======== SUPPLIED MATERIAL ========

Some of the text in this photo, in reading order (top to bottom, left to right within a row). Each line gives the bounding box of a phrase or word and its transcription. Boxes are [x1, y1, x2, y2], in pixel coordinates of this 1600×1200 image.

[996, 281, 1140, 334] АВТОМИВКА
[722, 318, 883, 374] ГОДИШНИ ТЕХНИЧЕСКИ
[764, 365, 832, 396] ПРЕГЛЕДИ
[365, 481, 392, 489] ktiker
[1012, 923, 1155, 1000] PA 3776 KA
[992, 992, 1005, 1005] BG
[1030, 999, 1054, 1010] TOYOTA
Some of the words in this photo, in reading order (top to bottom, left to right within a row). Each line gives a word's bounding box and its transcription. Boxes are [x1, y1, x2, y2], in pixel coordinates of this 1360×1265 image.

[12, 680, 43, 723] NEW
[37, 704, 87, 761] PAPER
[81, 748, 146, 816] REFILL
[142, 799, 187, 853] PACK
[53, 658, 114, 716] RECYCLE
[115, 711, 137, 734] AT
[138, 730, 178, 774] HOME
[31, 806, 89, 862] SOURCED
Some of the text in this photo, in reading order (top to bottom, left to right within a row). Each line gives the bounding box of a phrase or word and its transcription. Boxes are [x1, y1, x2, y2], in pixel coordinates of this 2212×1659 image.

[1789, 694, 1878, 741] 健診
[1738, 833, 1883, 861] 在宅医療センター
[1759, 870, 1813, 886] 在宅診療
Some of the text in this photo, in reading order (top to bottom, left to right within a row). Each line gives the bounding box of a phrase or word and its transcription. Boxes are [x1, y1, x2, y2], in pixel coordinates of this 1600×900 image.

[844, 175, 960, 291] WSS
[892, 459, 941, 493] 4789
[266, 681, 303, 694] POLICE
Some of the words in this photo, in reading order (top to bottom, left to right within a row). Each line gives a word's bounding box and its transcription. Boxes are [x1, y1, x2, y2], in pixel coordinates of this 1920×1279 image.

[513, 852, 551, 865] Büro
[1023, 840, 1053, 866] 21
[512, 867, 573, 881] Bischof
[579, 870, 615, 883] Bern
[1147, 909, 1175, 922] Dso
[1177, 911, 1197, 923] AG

========

TASK ITEM. Every entry is to be transcribed exactly as it stands.

REPLY TO THE TASK.
Some of the text in this photo, in reading order (top to bottom, left to right within a row). Each line gives the bounding box of a phrase or word and its transcription. Boxes are [x1, y1, x2, y2], in pixel coordinates of this 1600×1200 image.

[996, 281, 1140, 334] АВТОМИВКА
[722, 318, 883, 374] ГОДИШНИ ТЕХНИЧЕСКИ
[764, 365, 832, 396] ПРЕГЛЕДИ
[365, 481, 392, 489] ktiker
[1012, 923, 1155, 1000] PA 3776 KA
[992, 992, 1005, 1005] BG
[1030, 999, 1054, 1010] TOYOTA
Some of the words in this photo, in reading order (top to bottom, left to right within a row). Each line gives a word's bounding box and its transcription. Boxes are [x1, y1, x2, y2], in pixel coordinates of this 1360×1265 image.

[12, 680, 43, 723] NEW
[37, 704, 87, 761] PAPER
[81, 748, 146, 816] REFILL
[142, 799, 187, 853] PACK
[53, 658, 114, 716] RECYCLE
[115, 711, 137, 734] AT
[138, 730, 178, 774] HOME
[31, 806, 89, 862] SOURCED
Some of the text in this photo, in reading order (top to bottom, left to right within a row). Each line gives the bounding box of a phrase or word and its transcription. Boxes are [x1, y1, x2, y2], in pixel coordinates of this 2212×1659 image.

[1789, 694, 1878, 741] 健診
[1738, 833, 1883, 861] 在宅医療センター
[1759, 870, 1813, 886] 在宅診療
Some of the text in this photo, in reading order (top to bottom, left to right within a row). Each line gives the bounding box of a phrase or word and its transcription. Boxes are [x1, y1, x2, y2], in pixel coordinates of this 1600×900 image.

[844, 175, 960, 291] WSS
[892, 459, 941, 493] 4789
[266, 681, 303, 694] POLICE
Some of the words in this photo, in reading order (top to bottom, left to right within a row). Each line gives a word's bounding box and its transcription. Boxes are [x1, y1, x2, y2], in pixel coordinates of this 1920×1279 image.

[513, 852, 551, 865] Büro
[1023, 840, 1053, 866] 21
[512, 867, 573, 881] Bischof
[579, 870, 615, 883] Bern
[1147, 909, 1175, 922] Dso
[1177, 911, 1197, 923] AG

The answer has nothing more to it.